The first technique is essentially that of woodcut but using a thin metal plate rather than a wooden block. The areas not to print are cut away, or hammered back with punches. These prints look very much like normal woodcuts of the period, and it can sometimes be hard for experts to tell them apart. The subject matter is almost entirely religious in the early period, which mostly consists of single prints for display or collecting, and mostly ornamental in the 16th century revival, which mostly consists of illustrations and borders for books. There was a late flowering of the original method around 1500 in France, with a series of lavish Books of Hours. In the sixteenth century the technique continued to be used for elaborate borders and initial letters in books, notably by Jacob Faber, who often used designs by Hans Holbein the Younger.

The second technique, was introduced in the second half of the 15th century and worked from black to white, meaning that the print showed white lines on a black background, rather than the other way round as in the first technique. Again prints were nearly always on religious subjects. Usually the main lines of the figures and landscape were done in engraving. Then using metalwork punches, the rest of the image is composed of repeated use of the same pattern of punch in a particular area. These might be dots, circles, lozenges, stars, letters making text inscriptions, or more complicated shapes for the borders. Usually very little space is left undecorated; and this technique is easy to recognise. These prints ceased to be produced about 1500. The plates themselves may have been treated as works of art in plaque form, with printed impressions a useful by-product; in some cases inscriptions print in reverse, though others do not. Some copper plates survive, often with nail-holes at the corners.
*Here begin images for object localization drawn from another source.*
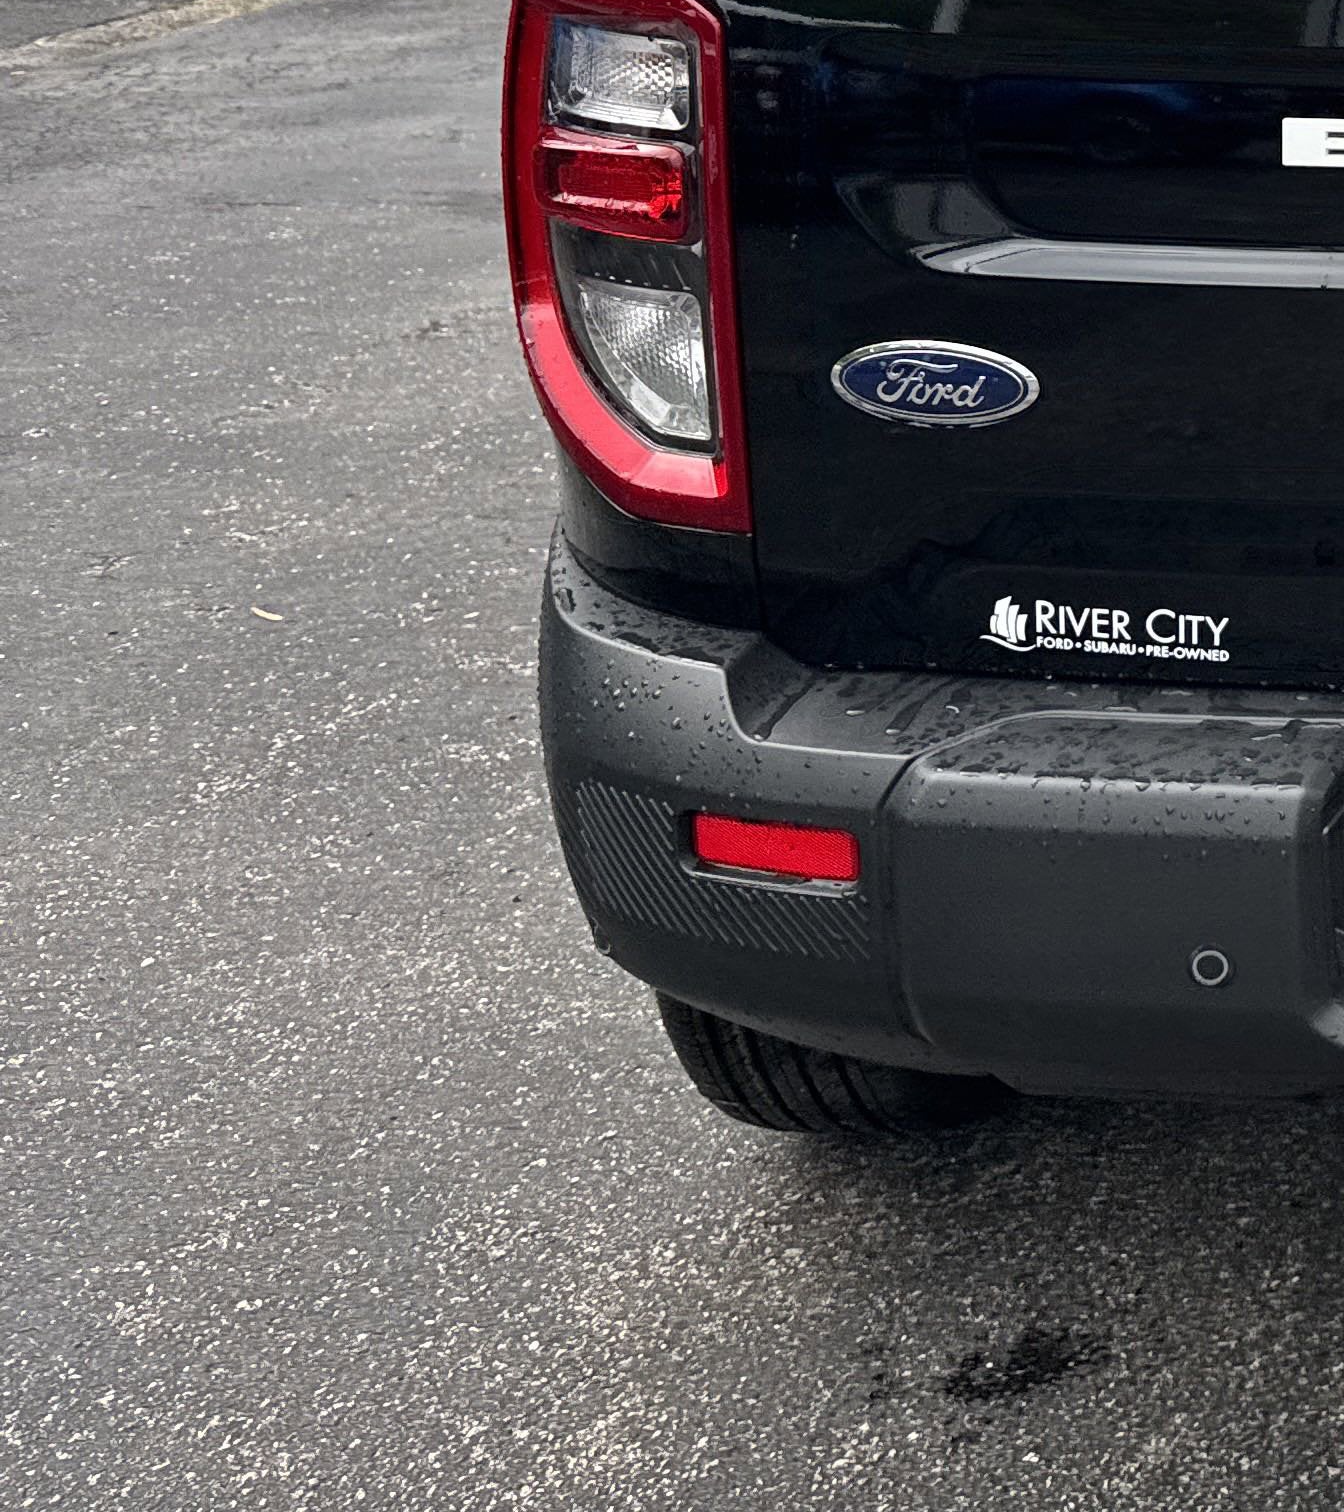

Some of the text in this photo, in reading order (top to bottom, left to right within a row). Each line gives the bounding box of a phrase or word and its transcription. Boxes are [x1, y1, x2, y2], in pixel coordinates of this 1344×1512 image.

[876, 358, 986, 408] Ford
[1035, 599, 1229, 647] RIVER CITY
[1036, 636, 1230, 662] FORD SUBARU PRE-OWNED
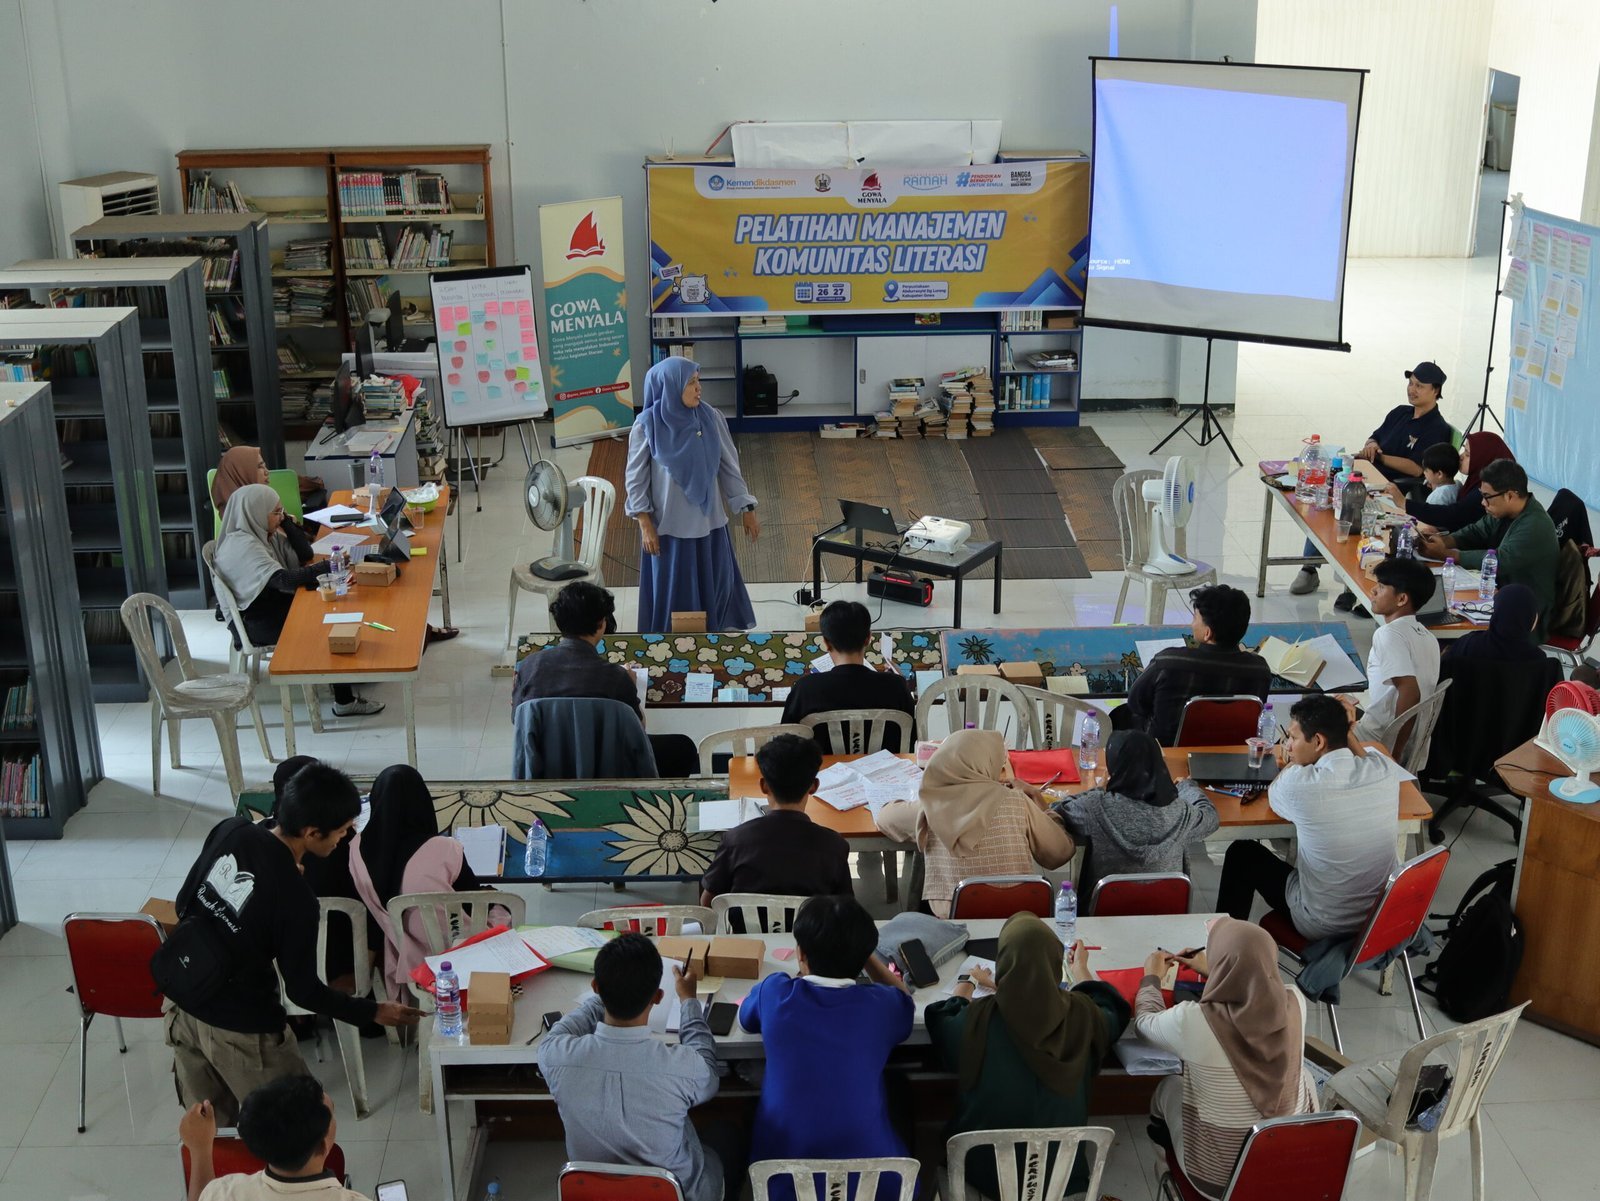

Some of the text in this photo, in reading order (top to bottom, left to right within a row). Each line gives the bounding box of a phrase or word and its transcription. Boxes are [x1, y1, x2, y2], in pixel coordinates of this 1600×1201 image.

[726, 178, 797, 187] Kemendikdasmen
[903, 176, 948, 186] RAMAH
[735, 211, 1006, 243] PELATIHAN MANAJEMEN
[754, 244, 987, 276] KOMUNITAS LITERASI
[817, 288, 845, 296] 26 27
[550, 298, 601, 318] GOWA
[550, 310, 624, 334] MENYALA
As with the other contemporary print techniques, very few metal cut prints have survived. Prints made by the second technique are sometimes called prints in the dotted manner, or dotted prints, Schrotblatt in German and Manière criblée in French.

It was also possible to combine the techniques on the same plate, with figures using black lines, and backgrounds with punched white dots on a black background. French printed books of hours from the end of the century often use such combinations.

==Practitioners==
Despite the limitations of the technique, many of the artists who used the second technique were very talented, and the best prints have considerable power. Compared to contemporary engravings and woodcuts, they were usually large, as the technique needed space on the plate. No names are known of the artists; presumably most of them were trained as goldsmiths, as the punch shapes used were typical ones from goldsmithing.